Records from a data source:
Content starts
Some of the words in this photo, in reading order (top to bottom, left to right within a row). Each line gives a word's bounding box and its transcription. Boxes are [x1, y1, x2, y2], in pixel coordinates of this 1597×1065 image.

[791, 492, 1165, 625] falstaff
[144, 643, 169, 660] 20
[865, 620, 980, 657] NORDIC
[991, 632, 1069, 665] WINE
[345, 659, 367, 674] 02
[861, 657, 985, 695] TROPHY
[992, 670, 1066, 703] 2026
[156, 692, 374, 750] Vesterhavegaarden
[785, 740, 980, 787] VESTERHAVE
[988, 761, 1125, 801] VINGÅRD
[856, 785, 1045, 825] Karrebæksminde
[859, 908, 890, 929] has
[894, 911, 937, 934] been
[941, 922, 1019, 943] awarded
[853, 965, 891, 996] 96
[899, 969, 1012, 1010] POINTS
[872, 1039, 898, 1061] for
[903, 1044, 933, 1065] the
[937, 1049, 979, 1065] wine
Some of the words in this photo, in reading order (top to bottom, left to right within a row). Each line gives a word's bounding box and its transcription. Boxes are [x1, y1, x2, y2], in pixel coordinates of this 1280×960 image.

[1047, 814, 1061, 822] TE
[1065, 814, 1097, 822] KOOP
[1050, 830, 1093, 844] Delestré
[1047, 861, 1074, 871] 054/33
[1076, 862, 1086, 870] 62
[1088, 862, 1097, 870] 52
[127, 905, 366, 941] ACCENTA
Content ends
AIM OF THE TASK: Each record must appear again, word for word.

RESULT OF THE TASK:
Some of the words in this photo, in reading order (top to bottom, left to right within a row). Each line gives a word's bounding box and its transcription. Boxes are [x1, y1, x2, y2], in pixel coordinates of this 1597×1065 image.

[791, 492, 1165, 625] falstaff
[144, 643, 169, 660] 20
[865, 620, 980, 657] NORDIC
[991, 632, 1069, 665] WINE
[345, 659, 367, 674] 02
[861, 657, 985, 695] TROPHY
[992, 670, 1066, 703] 2026
[156, 692, 374, 750] Vesterhavegaarden
[785, 740, 980, 787] VESTERHAVE
[988, 761, 1125, 801] VINGÅRD
[856, 785, 1045, 825] Karrebæksminde
[859, 908, 890, 929] has
[894, 911, 937, 934] been
[941, 922, 1019, 943] awarded
[853, 965, 891, 996] 96
[899, 969, 1012, 1010] POINTS
[872, 1039, 898, 1061] for
[903, 1044, 933, 1065] the
[937, 1049, 979, 1065] wine
Some of the words in this photo, in reading order (top to bottom, left to right within a row). Each line gives a word's bounding box and its transcription. Boxes are [x1, y1, x2, y2], in pixel coordinates of this 1280×960 image.

[1047, 814, 1061, 822] TE
[1065, 814, 1097, 822] KOOP
[1050, 830, 1093, 844] Delestré
[1047, 861, 1074, 871] 054/33
[1076, 862, 1086, 870] 62
[1088, 862, 1097, 870] 52
[127, 905, 366, 941] ACCENTA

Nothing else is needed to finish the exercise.